Are you talking about a specific man who behaves like this?

ForZanyAquaViewer · 08/11/2025 20:12

Ljm90 · 08/11/2025 19:37

My partners ex was like this- an ugly, long-faced, bitter, haggard, outspoken, opinionated, loud, horsey-voiced middle class bitch with a clear ED. He is vv attractive, but had low self esteem. She hated me because I was prettier than her, quieter, curvy and she resented the fact that he preferred me despite her so-called background, education and confidence. In the end I beat her up badly (hilarious how MC people can't fight physically to save their lives!) when i found out how she'd treated him. Yes I got charged but it got dropped. No regrets.

Edited

This is the most tasteless, classless, internalised misogynistic thing I’ve ever read. And totally lacking in self awareness. ‘Tis quite the feat.

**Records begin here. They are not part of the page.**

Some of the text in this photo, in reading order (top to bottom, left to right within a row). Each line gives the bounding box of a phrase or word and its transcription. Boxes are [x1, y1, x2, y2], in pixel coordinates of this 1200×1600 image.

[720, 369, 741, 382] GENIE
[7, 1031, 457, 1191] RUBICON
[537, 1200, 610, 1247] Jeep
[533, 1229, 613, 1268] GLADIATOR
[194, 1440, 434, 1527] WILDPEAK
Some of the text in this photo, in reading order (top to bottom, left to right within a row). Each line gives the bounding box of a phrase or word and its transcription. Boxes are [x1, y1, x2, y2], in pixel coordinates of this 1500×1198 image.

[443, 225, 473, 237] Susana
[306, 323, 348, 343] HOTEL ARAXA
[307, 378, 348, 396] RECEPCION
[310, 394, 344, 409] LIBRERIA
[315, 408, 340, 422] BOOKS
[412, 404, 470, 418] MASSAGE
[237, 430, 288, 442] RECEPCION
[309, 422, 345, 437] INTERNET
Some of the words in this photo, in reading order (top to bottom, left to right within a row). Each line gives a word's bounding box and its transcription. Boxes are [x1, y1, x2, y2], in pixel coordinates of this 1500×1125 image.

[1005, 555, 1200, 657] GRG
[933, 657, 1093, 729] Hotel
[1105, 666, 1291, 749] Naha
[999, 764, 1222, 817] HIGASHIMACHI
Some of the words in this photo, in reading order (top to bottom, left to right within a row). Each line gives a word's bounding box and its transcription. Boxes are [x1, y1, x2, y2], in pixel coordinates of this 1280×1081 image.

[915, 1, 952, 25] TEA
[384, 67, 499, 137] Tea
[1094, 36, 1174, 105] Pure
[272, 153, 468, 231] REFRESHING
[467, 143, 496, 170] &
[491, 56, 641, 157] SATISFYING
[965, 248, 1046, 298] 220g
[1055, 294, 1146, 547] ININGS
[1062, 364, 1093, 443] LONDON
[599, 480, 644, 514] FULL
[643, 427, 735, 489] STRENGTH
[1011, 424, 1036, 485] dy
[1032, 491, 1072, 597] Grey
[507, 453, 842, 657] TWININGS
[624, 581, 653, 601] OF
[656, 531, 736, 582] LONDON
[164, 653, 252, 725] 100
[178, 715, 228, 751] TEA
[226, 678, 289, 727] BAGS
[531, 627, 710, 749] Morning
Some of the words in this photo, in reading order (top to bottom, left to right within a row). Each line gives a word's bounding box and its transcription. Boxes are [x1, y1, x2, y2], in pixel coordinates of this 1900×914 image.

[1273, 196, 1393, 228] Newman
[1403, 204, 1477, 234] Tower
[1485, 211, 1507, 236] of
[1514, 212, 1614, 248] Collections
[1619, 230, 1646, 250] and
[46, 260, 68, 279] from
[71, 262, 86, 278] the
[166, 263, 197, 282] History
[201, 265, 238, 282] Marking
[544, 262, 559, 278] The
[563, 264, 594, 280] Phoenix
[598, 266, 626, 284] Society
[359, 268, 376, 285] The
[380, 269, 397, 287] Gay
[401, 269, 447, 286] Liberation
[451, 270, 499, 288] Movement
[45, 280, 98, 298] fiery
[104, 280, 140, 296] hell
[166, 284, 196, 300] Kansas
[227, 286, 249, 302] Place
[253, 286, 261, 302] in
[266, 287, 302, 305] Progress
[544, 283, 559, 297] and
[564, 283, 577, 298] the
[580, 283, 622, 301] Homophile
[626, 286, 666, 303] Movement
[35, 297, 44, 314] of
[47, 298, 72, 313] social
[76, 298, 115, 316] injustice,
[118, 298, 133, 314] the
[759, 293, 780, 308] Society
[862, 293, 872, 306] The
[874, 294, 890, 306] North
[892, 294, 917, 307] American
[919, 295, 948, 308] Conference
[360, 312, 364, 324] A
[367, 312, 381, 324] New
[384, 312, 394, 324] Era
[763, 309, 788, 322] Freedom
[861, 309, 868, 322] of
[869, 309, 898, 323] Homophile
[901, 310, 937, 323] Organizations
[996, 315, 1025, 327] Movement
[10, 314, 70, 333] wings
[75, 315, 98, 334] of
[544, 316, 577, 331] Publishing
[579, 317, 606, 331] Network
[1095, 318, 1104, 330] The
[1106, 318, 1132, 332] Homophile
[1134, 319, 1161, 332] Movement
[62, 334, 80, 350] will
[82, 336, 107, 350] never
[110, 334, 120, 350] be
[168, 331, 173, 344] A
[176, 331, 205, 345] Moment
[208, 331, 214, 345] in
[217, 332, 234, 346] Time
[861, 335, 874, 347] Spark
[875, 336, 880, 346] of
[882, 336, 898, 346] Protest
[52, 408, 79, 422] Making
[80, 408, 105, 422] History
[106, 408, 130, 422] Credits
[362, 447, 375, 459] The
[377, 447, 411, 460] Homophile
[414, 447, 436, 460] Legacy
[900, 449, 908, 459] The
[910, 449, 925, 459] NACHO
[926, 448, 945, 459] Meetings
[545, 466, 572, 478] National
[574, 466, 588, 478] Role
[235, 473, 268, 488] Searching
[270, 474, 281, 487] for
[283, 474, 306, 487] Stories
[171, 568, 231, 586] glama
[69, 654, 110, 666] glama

DaisyChain505 · 08/11/2025 20:28

WittyTaupeCrow · 08/11/2025 14:48

Abuse can go both ways and that’s a different situation entirely. I meant the milder kind of dynamic where someone’s constantly appeasing or avoiding conflict, not out of fear for safety but habit.

Edited

You don’t know what’s going on in a relationship behind closed doors and if this male is “appeasing” or avoiding conflict in public because things are much worse at home.

You have no idea who dears for their safety behind closed doors and you’ve jumped to a conclusion based on gender.

NewbieSM · 09/11/2025 15:17

Ljm90 · 08/11/2025 19:37

My partners ex was like this- an ugly, long-faced, bitter, haggard, outspoken, opinionated, loud, horsey-voiced middle class bitch with a clear ED. He is vv attractive, but had low self esteem. She hated me because I was prettier than her, quieter, curvy and she resented the fact that he preferred me despite her so-called background, education and confidence. In the end I beat her up badly (hilarious how MC people can't fight physically to save their lives!) when i found out how she'd treated him. Yes I got charged but it got dropped. No regrets.

Edited

Wow this is not the flex you thought it was, you beat up your partners ex? What the fuck? And you’ve bigged yourself up that you are prettier, fatter, less educated and lower class than her? Make it make sense. You sound like absolute gutter scum and an abusive cunt to boot. What a down grade for your partner..

FeliciaFancybottom · 09/11/2025 15:41

Ljm90 · 08/11/2025 19:37

My partners ex was like this- an ugly, long-faced, bitter, haggard, outspoken, opinionated, loud, horsey-voiced middle class bitch with a clear ED. He is vv attractive, but had low self esteem. She hated me because I was prettier than her, quieter, curvy and she resented the fact that he preferred me despite her so-called background, education and confidence. In the end I beat her up badly (hilarious how MC people can't fight physically to save their lives!) when i found out how she'd treated him. Yes I got charged but it got dropped. No regrets.